Глава III. Мистер Лонгклюз открывает сердце
Старенькая экономка почти вплотную подошла к окну; что же она видит? За стеклом ясная ночь, звезды сияют, озаряя густую листву вековых деревьев. И двуколка, и лошадь мистера Лонгклюза подобны теням. А вот и он сам; с ним Ричард Арден. Грум зажигает фонари, один из которых светит прямо в своеобразное лицо мистера Лонгклюза.
– Ох этот голос! Насчет голоса я бы присягнуть могла, – бормочет миссис Танси. – Как услыхала его – будто острою косой меня полоснули. Да только лицо-то вовсе другое – незнакомое. Почему ж человек этот память мою всколыхнул – мысли так и забегали, будто ищейки? Не успокоюсь теперь, покуда не вспомню. Это Мейс? Нет. Лэнгли? Тоже нет. Страшная ночь, роковая! И никогошеньки рядом! Господь Вседержитель, озари нам тьму, на Тебя уповаем! Утешь сокрушенное сердце мое!
Грум запрыгнул на козлы. Мистер Лонгклюз схватил поводья, и тени двух приятелей мелькнули за окном, и фонари успели бросить свет сквозь стекло на стены, обшитые панелями. Отблеск метнулся из одного угла в другой, заразив своею пляской пару гераней, что цвели в горшках на подоконнике. Снова стало темно, а миссис Танси не двигалась с места, все глядела во мрак, напрягая память, и тряслись по-старушечьи ее руки и голова.
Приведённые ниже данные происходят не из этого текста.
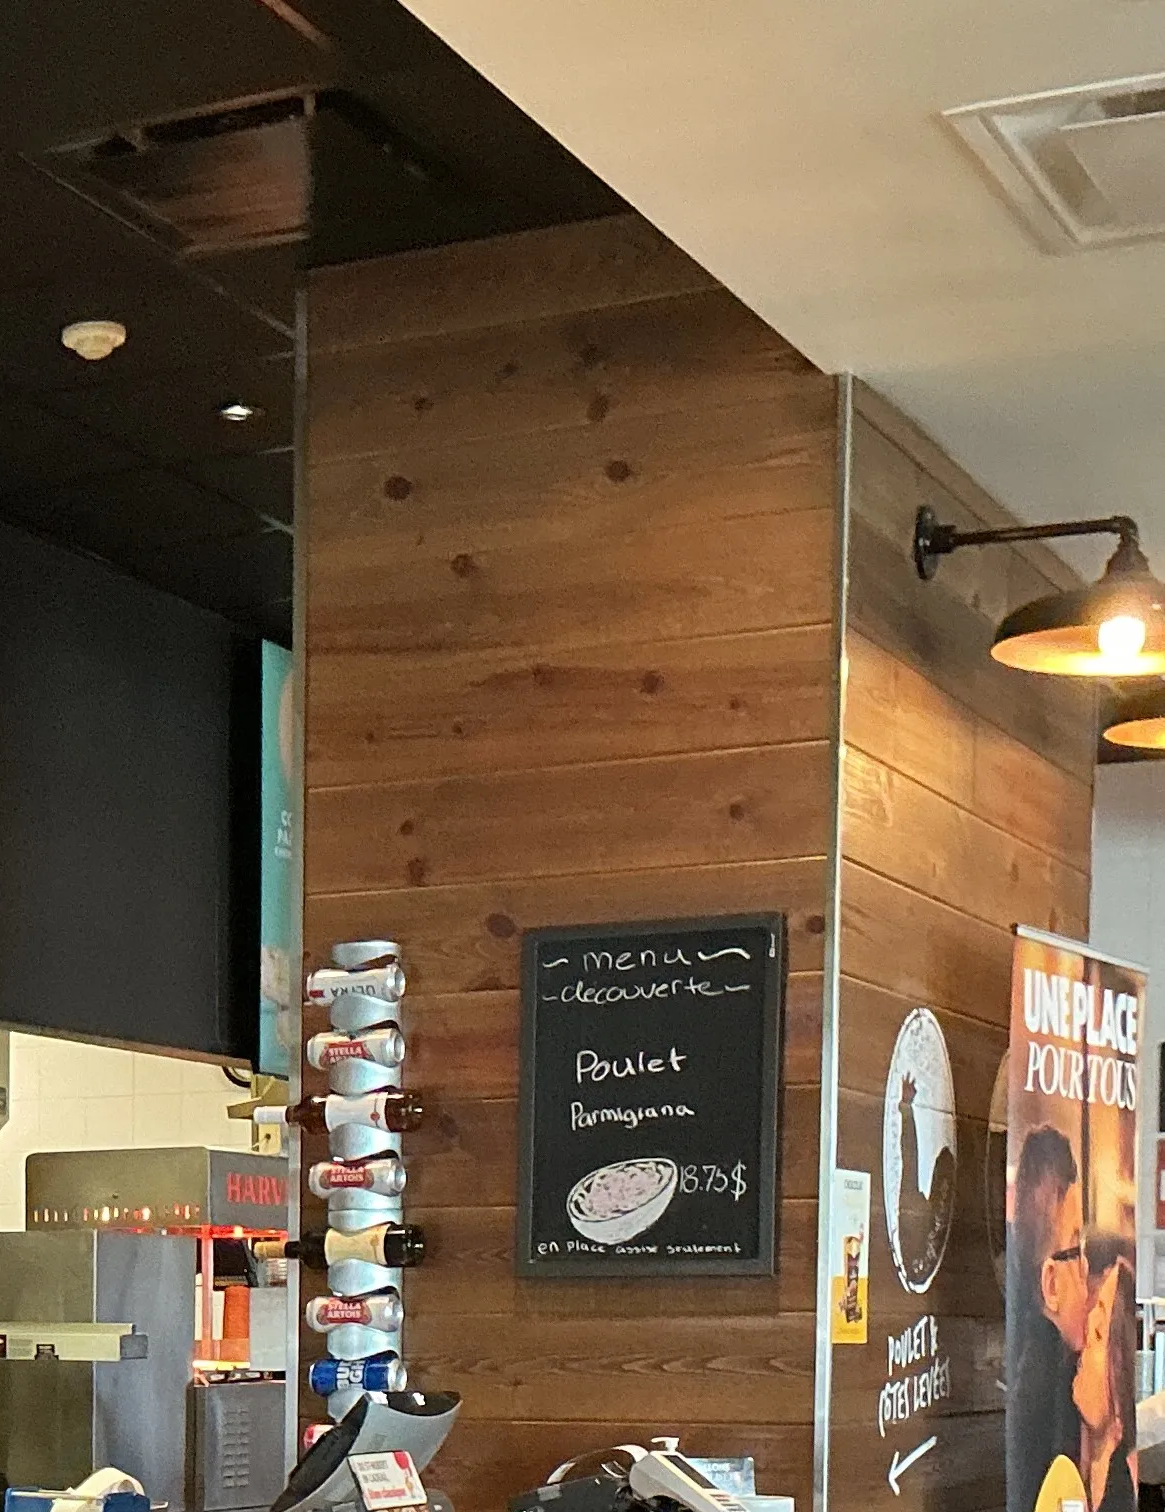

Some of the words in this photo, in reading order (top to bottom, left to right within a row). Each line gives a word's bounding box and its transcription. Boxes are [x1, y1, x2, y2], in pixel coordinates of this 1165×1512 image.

[583, 949, 692, 971] menu
[1023, 968, 1071, 1040] UNE
[1073, 981, 1138, 1056] PLACE
[328, 1046, 362, 1057] STELLA
[576, 1047, 687, 1084] Poulet
[1024, 1041, 1084, 1100] POUR
[1087, 1053, 1136, 1111] TOUS
[330, 1174, 365, 1183] ARTOIS
[327, 1309, 361, 1318] ARTOIS
[887, 1315, 928, 1377] POULET
Арден и Лонгклюз ехали молча; с обеих сторон возвышались вековые деревья, которые помнили не одно поколение Арденов. Аллея кончилась, и двуколка покатила по более узкой и темной дороге, мимо гостиницы, что некогда гремела в этих местах, а ныне пришла в упадок. Название ей – «Гай Уорикский»[10]; изображение сего грозного мужа до сих пор украшает фасад, хотя позолота облезла, а краски поблекли. На острие меча Гай Уорикский держит голову вепря, у ног его лошади извивается лев – сущая карикатура на царя зверей. И вот, пока двуколка мчится по укатанной и пустынной дороге, Лонгклюз начинает говорить. Aperit præcordia vinum[11]. В бренди с водой, которое Лонгклюз для себя приготовил, алкоголь преобладал, да и общее количество напитка было изрядное.
– У меня, Арден, куча денег и язык подвешен, как вы заметили, – выпаливает он словно бы в ответ на некую фразу Ричарда Ардена. – А есть ли в мире человек несчастнее, чем я? Вы бы только посмеялись, выложи я вам кое-какие факты; от других фактов вы бы вздохнули, если бы я решился вам их сообщить. Скоро решусь; скоро вы все узнаете. Я не дурной человек. Я готов поделиться деньгами, если речь идет о друге. Для иных мне не жаль ни времени, ни хлопот – а это дары более ценные, чем деньги. Но поверит ли кто этому, взглянув на меня? А ведь я не хуже Пенраддока[12]. Я тоже могу стать заступником, совершить благородное деяние; но стоит мне только посмотреться в зеркало, как я ощущаю себя отмеченным каиновой печатью. О, эта моя физиономия! И зачем только Природа пишет на отдельных лицах поклепы на их обладателей? Вот и повод для смеха вам – настоящему красавцу, человеку, которому красота принадлежит по праву рождения. На вашем месте я бы тоже смеялся; да, я смеялся бы, если бы не был вынужден влачить существование в муках и страхе, не веря, что имею шанс в предприятии, от успеха которого зависит мое будущее счастье, ибо именно оно поставлено на кон. Обычная некрасивость – пустяк; с ней свыкаются. Другое дело – моя наружность! Не щадите меня, Арден; знаю – вы слишком великодушны, чтобы сказать правду. Я не прошу утешения; я лишь подвожу баланс моим проклятиям.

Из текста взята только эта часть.